Add parsley, salt, poultry seasoning and pepper, stir until thoroughly mixed.

Stir in bread cubes and eggs. Stir until bread cubes are thoroughly coated.

Transfer to a greased, oven-safe casserole dish (or keep in the Dutch oven) and cover. Bake along with your turkey for the last 30-45 minutes of roasting time. (Between 325 and 375 degrees)

Cranberry Sauce (adapted from Slate’s “You’re doing it wrong cranberry orange sauce”) Yield: About 2 cups (12 to 16 servings)

  • 12 ounces fresh cranberries
  • 1/2 cup sugar
  • 2 tablespoons finely chopped crystallized ginger
  • 1/2 cup water
  • 2/3 cup orange juice

Combine the cranberries, sugar, and crystallized ginger with 1/2 cup water in a medium saucepan. Add the juice and bring to a boil over high heat, then reduce the heat to medium. Simmer, stirring occasionally, until the mixture is thick and the cranberries are mostly disintegrated, about 7 minutes.

Cool thoroughly and serve. (Store cranberry sauce in an airtight container in the refrigerator for up to a week.)

Easy mashed potatoes (adapted from Mark Bittman’s How To Cook Everything)

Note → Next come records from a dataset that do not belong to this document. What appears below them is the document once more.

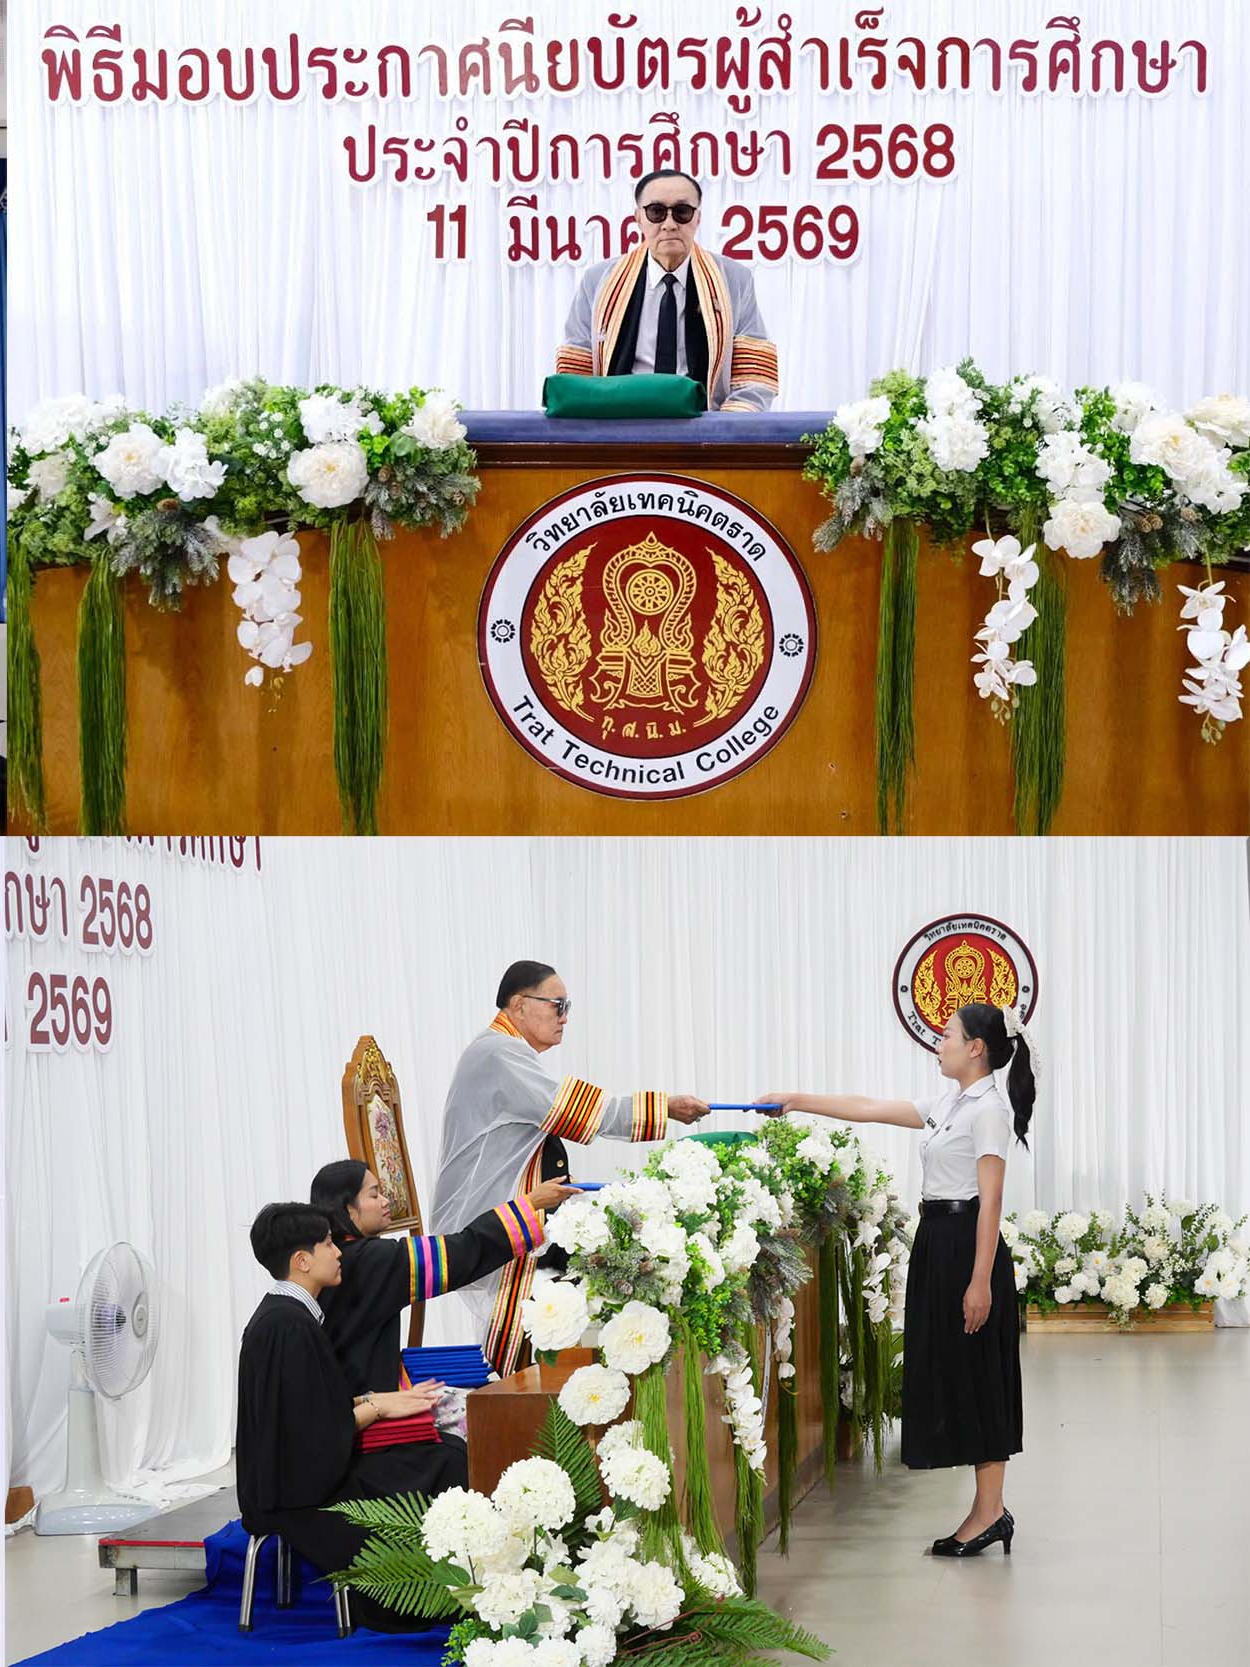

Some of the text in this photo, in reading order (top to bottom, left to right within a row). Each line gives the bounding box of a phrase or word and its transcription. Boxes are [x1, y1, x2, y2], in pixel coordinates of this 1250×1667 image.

[41, 7, 1208, 113] พิธีมอบประกาศนียบัตรผู้สำเร็จการศึกษา
[343, 112, 955, 183] ประจำปีการศึกษา 2568
[427, 195, 860, 261] 11 มีนาค 2569
[525, 490, 767, 562] วิทยาลัยเทคนิคตราด
[513, 696, 780, 785] Trat Technical College
[80, 875, 153, 949] 2568
[28, 971, 112, 1045] 2569

  • 2 pounds of Russet potatoes, all of approximately equal size
  • 1/2 stick unsalted butter (4 tablespoons)
  • 1 cup milk
  • salt and pepper

Scrub the potatoes well before putting them in a saucepan, skins and all. Add enough water to cover the potatoes, and add a large pinch of salt. Bring the water to a boil, then cook for 20-30 minutes, depending on the size of the potatoes. They’re done once a knife meets almost no resistance when inserted into the center of a potato.

Drain the potatoes into a colander and let them cool and dry out for 10 to 15 minutes.

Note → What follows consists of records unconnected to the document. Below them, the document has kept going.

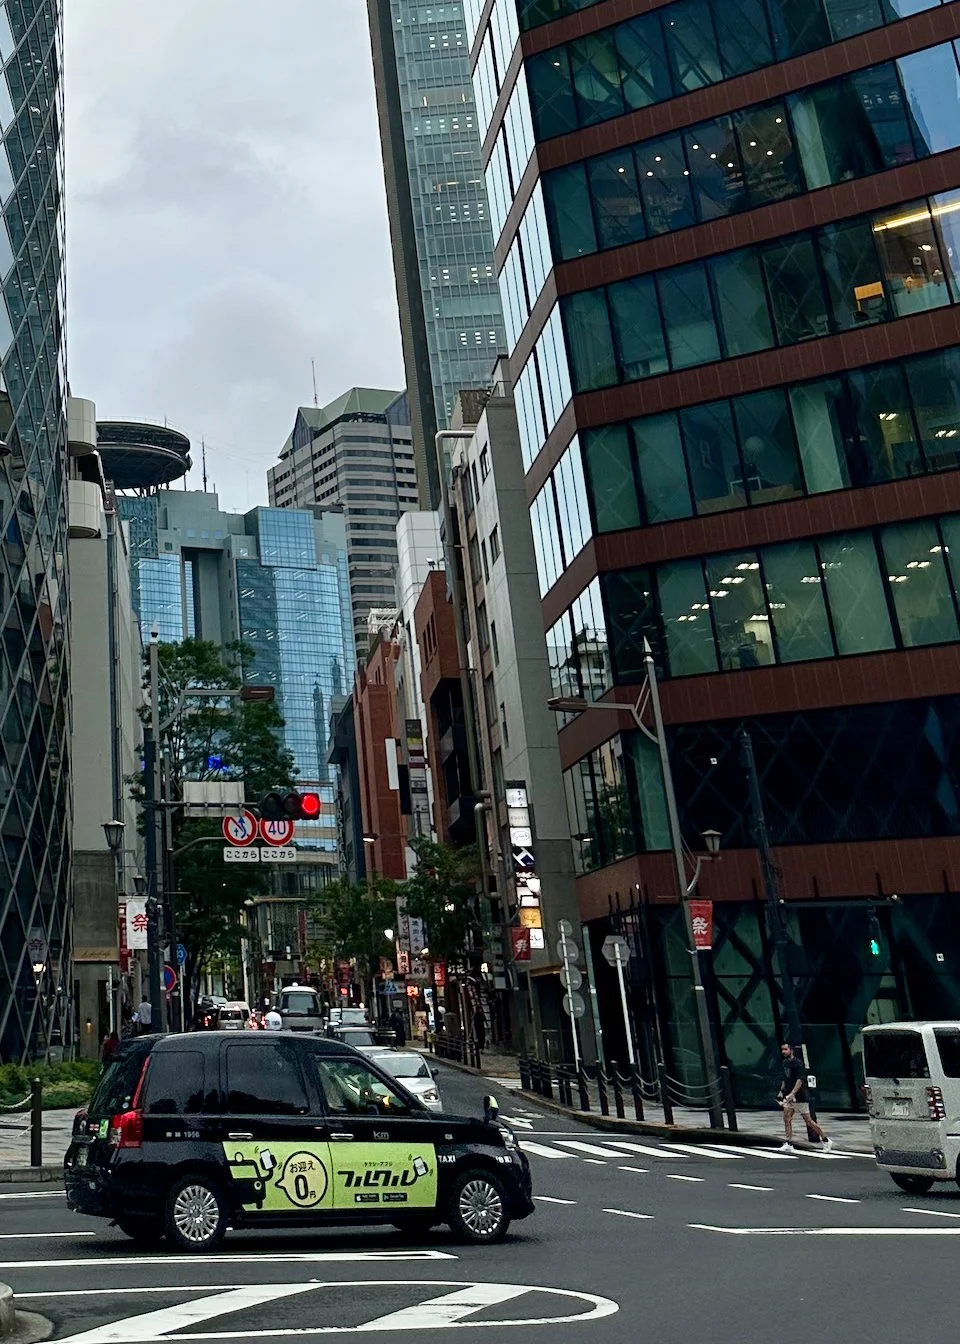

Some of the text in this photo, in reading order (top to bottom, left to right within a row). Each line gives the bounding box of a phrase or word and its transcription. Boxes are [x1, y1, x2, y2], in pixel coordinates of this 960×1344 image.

[268, 820, 287, 836] 40
[225, 850, 258, 859] ここから
[262, 850, 295, 859] ここから
[692, 916, 709, 935] 祭
[437, 1155, 457, 1163] TAXI
[337, 1169, 414, 1188] フルクル

While the potatoes are draining, wipe the pot dry and put it back on the stove over medium-low heat. Add the milk and the butter and sprinkle with salt and pepper. When the butter is almost melted, remove the pot from the heat. Remove the skins from the potatoes (they should slip off easily) and add them to the milk mixture, then mash with a fork or potato masher. Return the pot to the heat and stir constantly with a wooden spoon to reach the desired consistency, adding more milk if necessary. Taste, adjust the seasoning, and serve.